[Phrase grounding data]
BEGIN
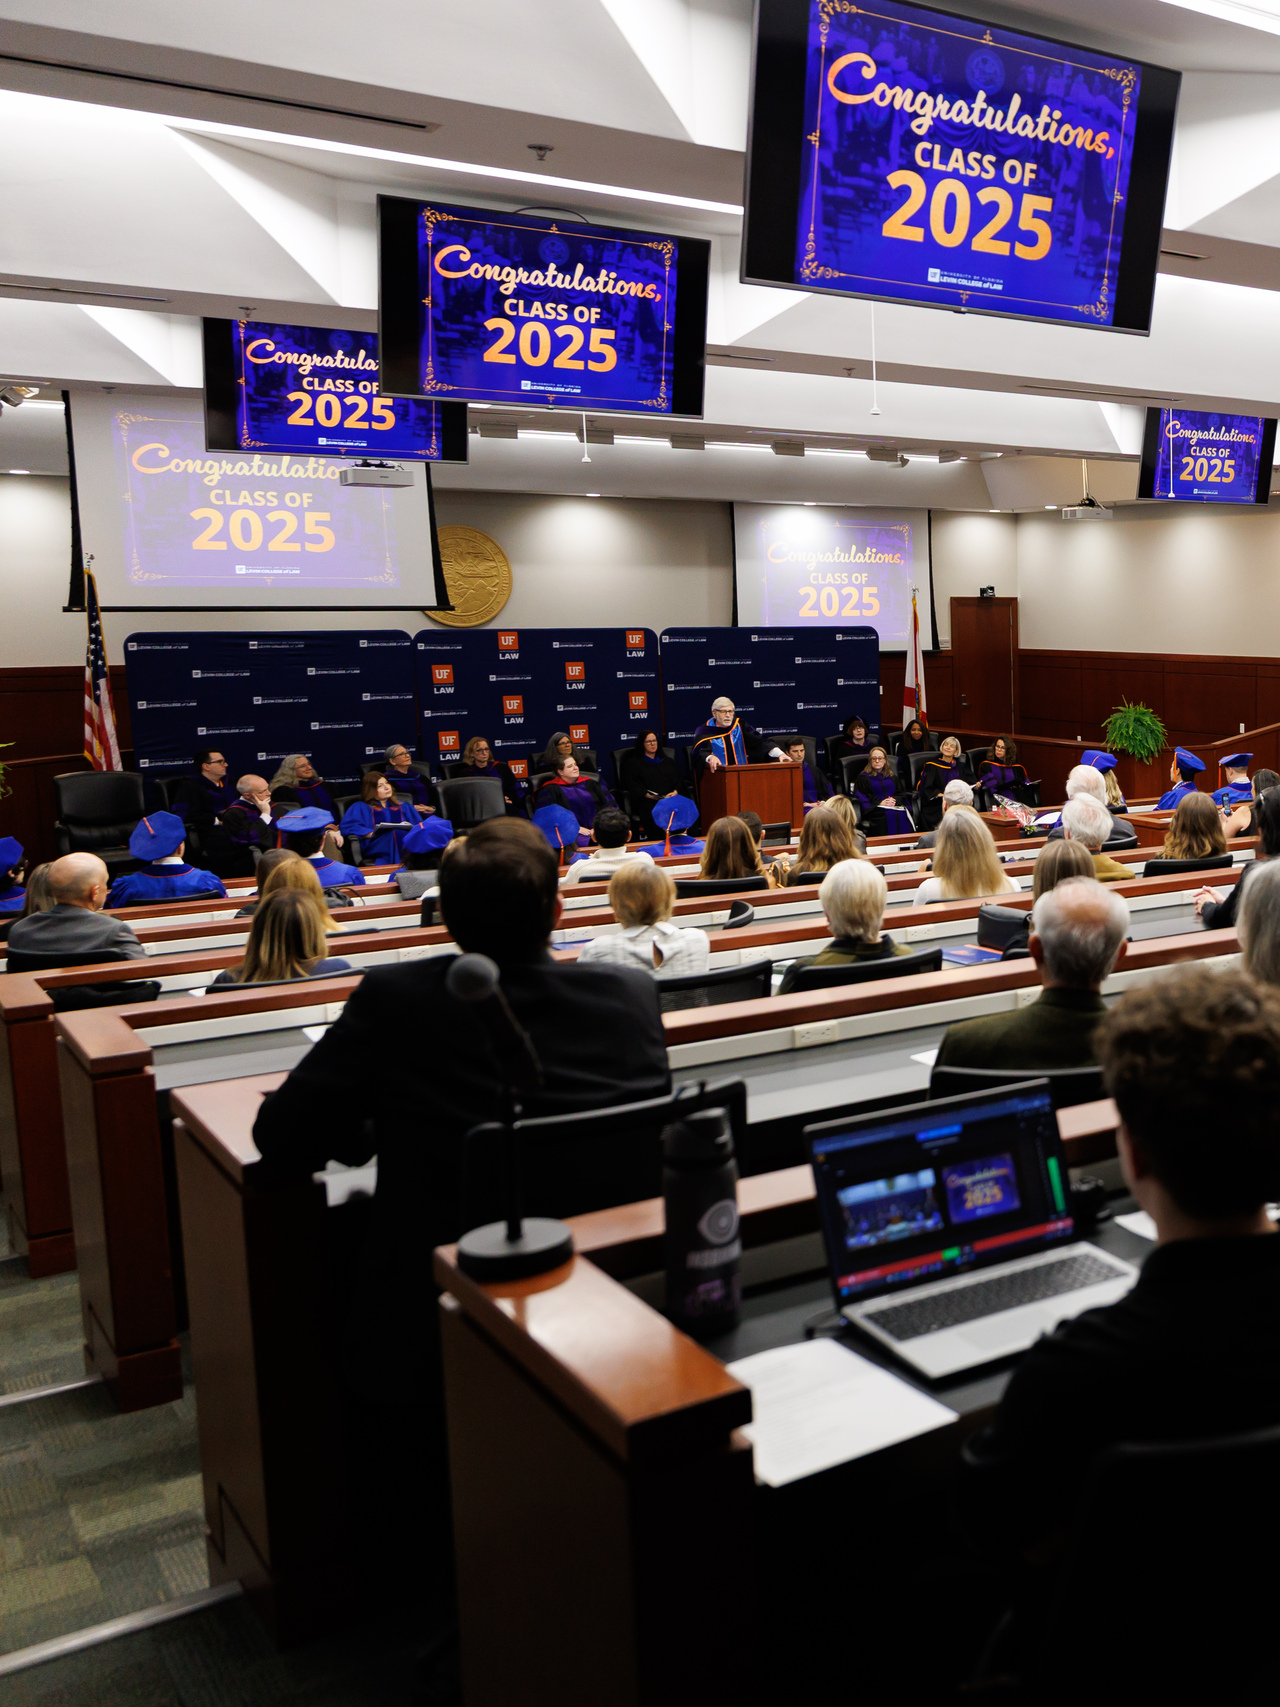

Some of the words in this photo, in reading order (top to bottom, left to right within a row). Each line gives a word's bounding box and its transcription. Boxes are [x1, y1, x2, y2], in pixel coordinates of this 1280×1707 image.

[827, 52, 1115, 159] Congratulations,
[915, 142, 996, 179] CLASS
[1003, 159, 1037, 186] OF
[882, 170, 1053, 260] 2025
[434, 245, 662, 302] Congratulations,
[504, 298, 568, 320] CLASS
[574, 306, 601, 324] OF
[246, 338, 379, 375] Congratula
[483, 318, 617, 372] 2025
[302, 377, 354, 393] CLASS
[358, 381, 379, 394] OF
[286, 391, 395, 430] 2025
[1165, 421, 1256, 445] Congratulations,
[1190, 446, 1217, 457] CLASS
[1218, 448, 1230, 458] OF
[131, 443, 341, 486] Congratulatio
[1180, 456, 1235, 483] 2025
[209, 489, 278, 506] CLASS
[284, 491, 313, 508] OF
[189, 507, 336, 552] 2025
[767, 541, 904, 570] Congratulations,
[810, 572, 848, 584] CLASS
[852, 572, 868, 584] OF
[798, 586, 880, 617] 2025
[500, 636, 515, 645] UF
[629, 635, 642, 643] UF
[435, 669, 450, 679] UF
[568, 666, 582, 675] UF
[506, 700, 520, 709] UF
[632, 696, 644, 705] UF
[442, 736, 456, 745] UF
[572, 729, 586, 739] UF
[511, 764, 525, 774] UF
END
Could every entry be restated word for word, pictures excluded?

Some of the words in this photo, in reading order (top to bottom, left to right within a row). Each line gives a word's bounding box and its transcription. Boxes are [x1, y1, x2, y2], in pixel coordinates of this 1280×1707 image.

[827, 52, 1115, 159] Congratulations,
[915, 142, 996, 179] CLASS
[1003, 159, 1037, 186] OF
[882, 170, 1053, 260] 2025
[434, 245, 662, 302] Congratulations,
[504, 298, 568, 320] CLASS
[574, 306, 601, 324] OF
[246, 338, 379, 375] Congratula
[483, 318, 617, 372] 2025
[302, 377, 354, 393] CLASS
[358, 381, 379, 394] OF
[286, 391, 395, 430] 2025
[1165, 421, 1256, 445] Congratulations,
[1190, 446, 1217, 457] CLASS
[1218, 448, 1230, 458] OF
[131, 443, 341, 486] Congratulatio
[1180, 456, 1235, 483] 2025
[209, 489, 278, 506] CLASS
[284, 491, 313, 508] OF
[189, 507, 336, 552] 2025
[767, 541, 904, 570] Congratulations,
[810, 572, 848, 584] CLASS
[852, 572, 868, 584] OF
[798, 586, 880, 617] 2025
[500, 636, 515, 645] UF
[629, 635, 642, 643] UF
[435, 669, 450, 679] UF
[568, 666, 582, 675] UF
[506, 700, 520, 709] UF
[632, 696, 644, 705] UF
[442, 736, 456, 745] UF
[572, 729, 586, 739] UF
[511, 764, 525, 774] UF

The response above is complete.